*STUDY MATERIAL*.

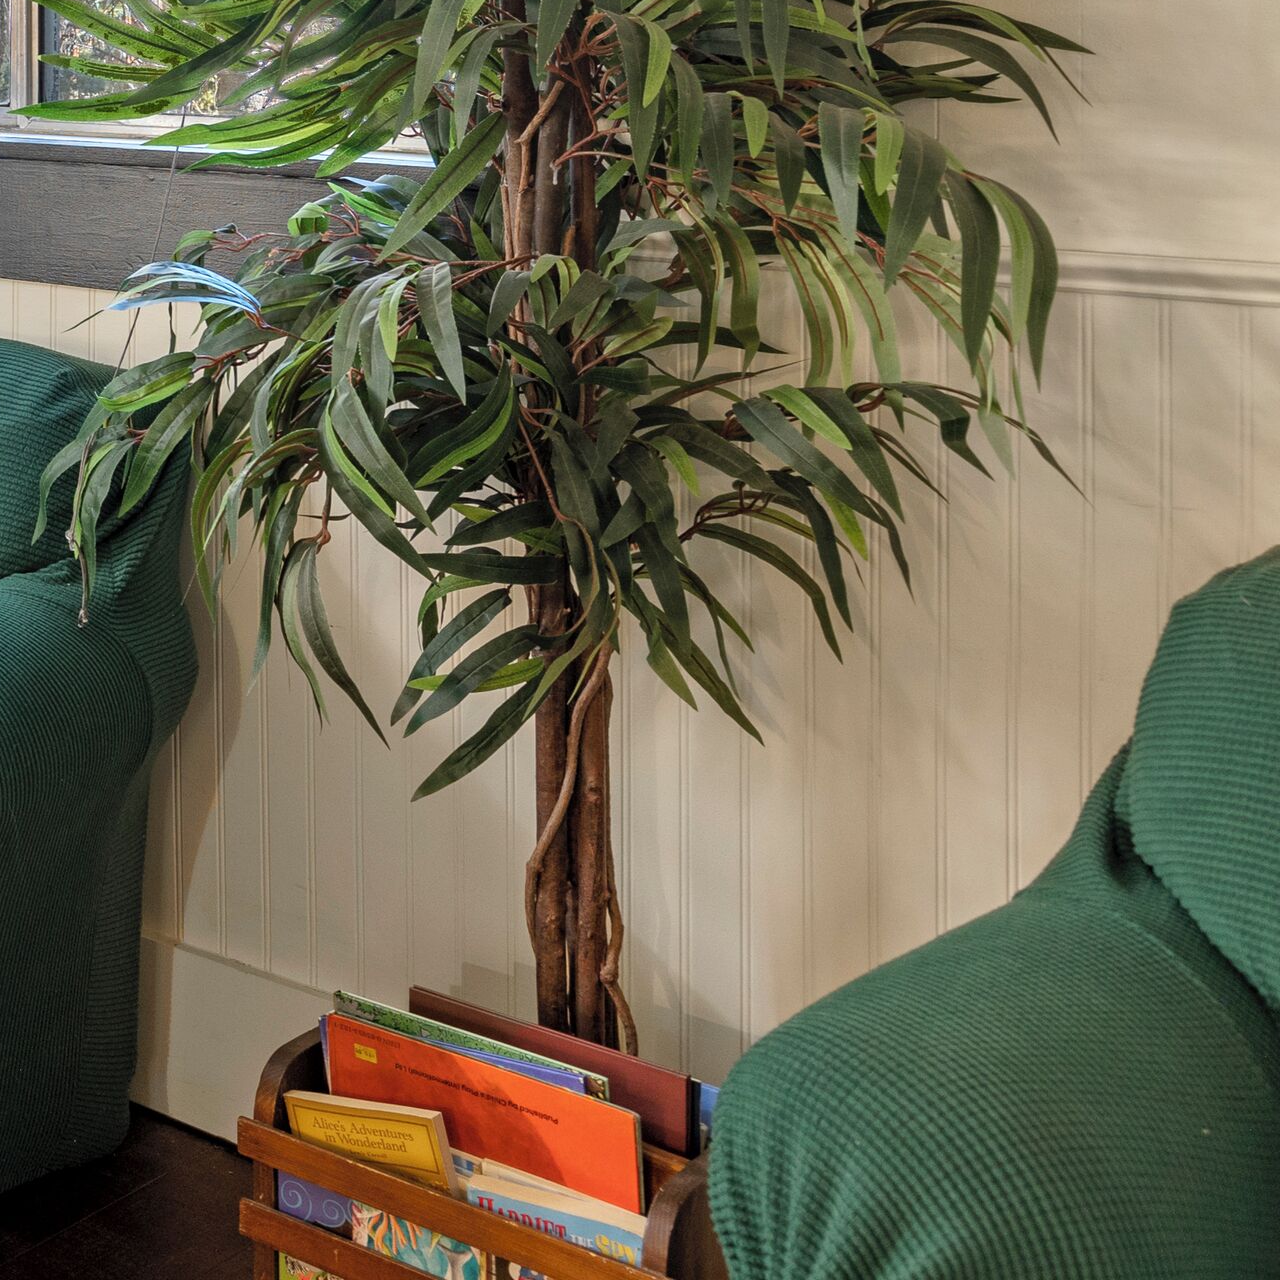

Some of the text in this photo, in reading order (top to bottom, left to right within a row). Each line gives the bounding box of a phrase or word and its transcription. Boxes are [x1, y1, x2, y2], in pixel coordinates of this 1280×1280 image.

[394, 1062, 559, 1124] Published by Play Ltd
[313, 1116, 414, 1141] Alice's Adventures
[325, 1132, 407, 1152] in Wonderland
[570, 1234, 594, 1248] THE
[594, 1234, 636, 1266] SPY

*TASK GOAL*.
Would you output the data above exactly as written, but with no images?

*TASK RESPONSE*.
Some of the text in this photo, in reading order (top to bottom, left to right within a row). Each line gives the bounding box of a phrase or word and its transcription. Boxes are [x1, y1, x2, y2], in pixel coordinates of this 1280×1280 image.

[394, 1062, 559, 1124] Published by Play Ltd
[313, 1116, 414, 1141] Alice's Adventures
[325, 1132, 407, 1152] in Wonderland
[570, 1234, 594, 1248] THE
[594, 1234, 636, 1266] SPY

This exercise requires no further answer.